# Live Well Tips



## combatcatcher (Sep 17, 2003)

lately we've been doing alot of live-lining spot and perch for rock and blues. We keep running into a problem though, the WP never make it more then 10 to 15 minutes while th e spot and minnows used for flounder last all day. I've even started using a dehooker so I never touch the perch but within minutes there in there sides in distress. The spot last all day. Our livewell has a overflow so I keep fresh, oxygented water constanly. any tips? By the way we've been tearing up blue's to 8lbs and Rocks between 22 and 30 just north of the power plant while live-lining.


----------



## emanuel (Apr 2, 2002)

Couple of possibilities you might want to try to eliminate. Number one, the perch may be sensitive to salinity change, two, it could be that they can't handle being in the livewell with certain species, three, it could be that the waterflow coming in is either too strong or too weak.

I know nothing about white perch, but I know some fish can't be in the same livewell as other species because one kind will beat up on the other. Killifish, or mudminnows, will attack the eyes of anything they can take on.


----------



## justinfisch01 (Feb 19, 2006)

Tempature maybe? Is the livewell in the full sun? Try throwing a little ice in there it has been real hot lately


----------



## combatcatcher (Sep 17, 2003)

*Things I've tried*

Tried throwing ice cubes in to keep temp down on hot days, live well is shaded but gets sun , not alot. temp seems ok. The perch literally start going belly up minutes into being placed in livewell. The spot or bull minnows dont harrass them, like I said Ive tried using a dehooker so I don't touch the fish, the water we catch them in is the same water in the livewell since I keep the inpt running the whole time. Any other idea's, Ive heard there are additives for livewells anyone try these? Anyone else have this problem with perch?


----------



## jhmorgan (May 16, 2007)

I know with croaker I often have to poke a small hole in their stomachs to release the air pressure. Perhaps the perch need the same treatment??


----------



## Lipyourown (May 11, 2005)

This is odd. In the colder months, white perch are the hearty ones so I think it is a temperature thing. Perhaps less fish in the tank would help too.


----------



## okimavich (Nov 13, 2006)

jhmorgan said:


> I know with croaker I often have to poke a small hole in their stomachs to release the air pressure. Perhaps the perch need the same treatment??

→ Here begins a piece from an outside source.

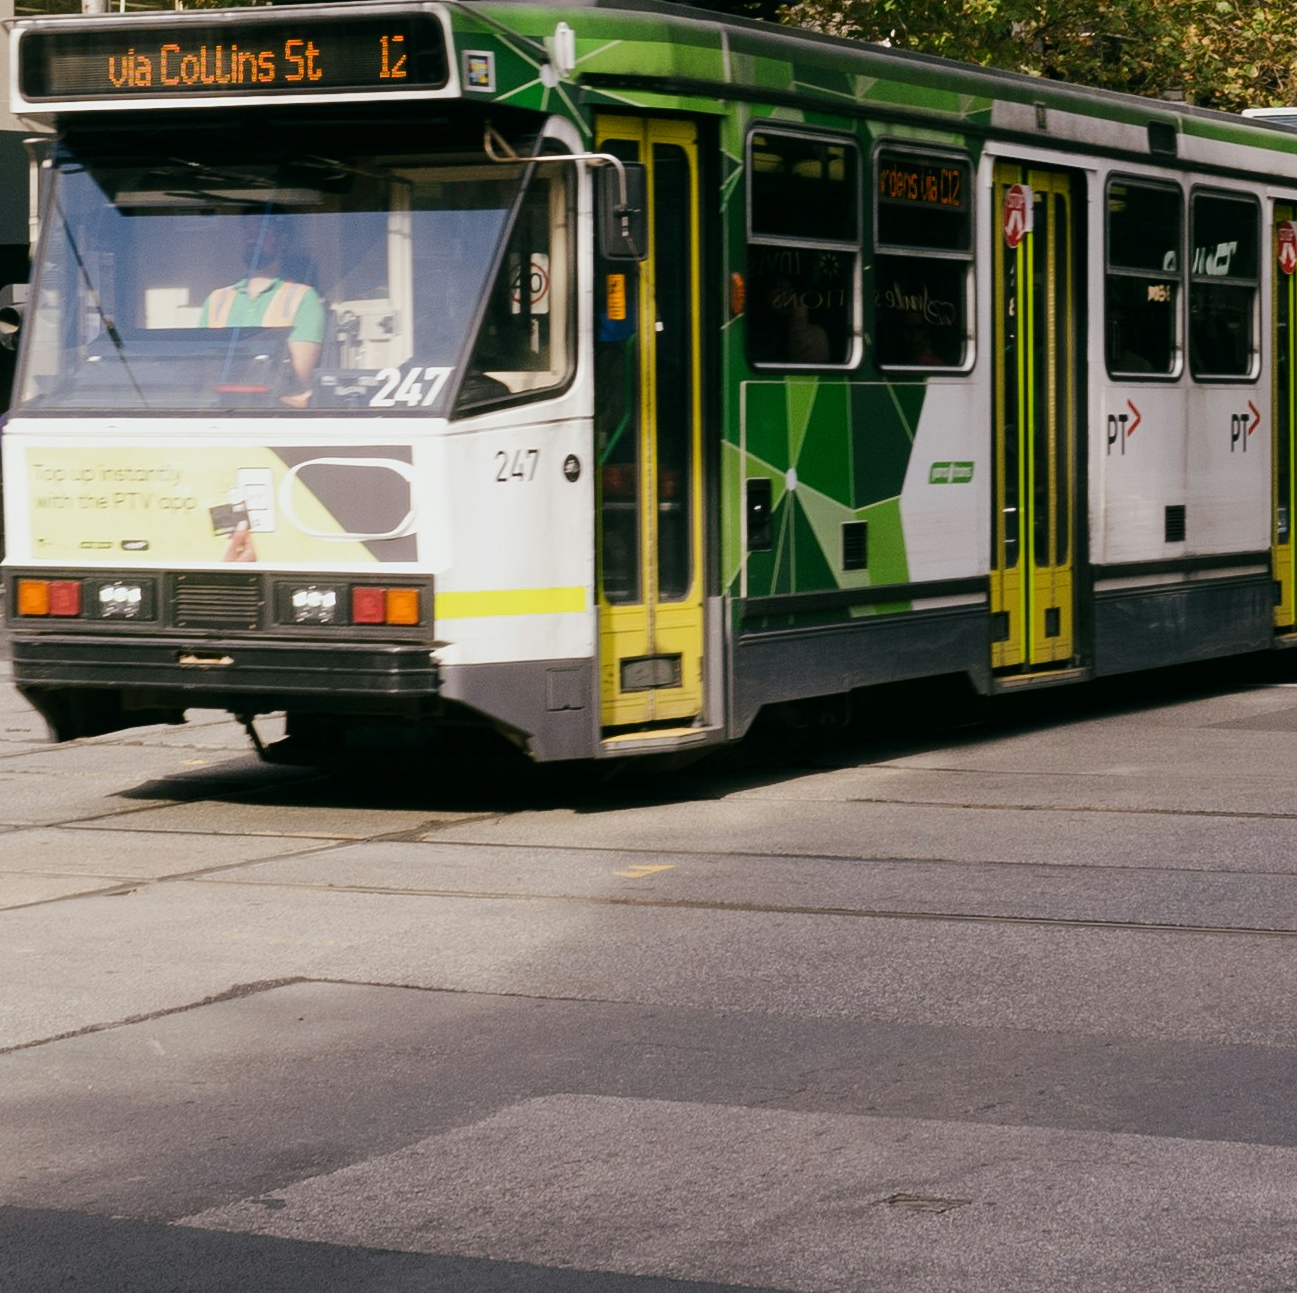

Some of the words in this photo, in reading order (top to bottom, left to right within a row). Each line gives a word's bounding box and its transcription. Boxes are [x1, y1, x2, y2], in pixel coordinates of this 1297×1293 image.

That would depend on how deep they came from and how fast they were pulled up.

Last week I was catching Perch in 10ft of water. Since I was in a yak, I didn't have a livewell. I used a mesh laundry bag that I tied to the side of the yak. 

I didn't have any issues with this setup. The one floater was the one that had been a gut hook. 

If you are running the pump, the water should be the same as where they came from (pH, hardness, etc).

Is the intake clear and clean?

Have you tried running the water at a slower rate? Maybe the flow is too fast for them?


----------



## jrocket567 (Mar 14, 2007)

90% of the time, dead fish in a livewell comes from not enough oxygen, too much ammonia in the water, or too hot.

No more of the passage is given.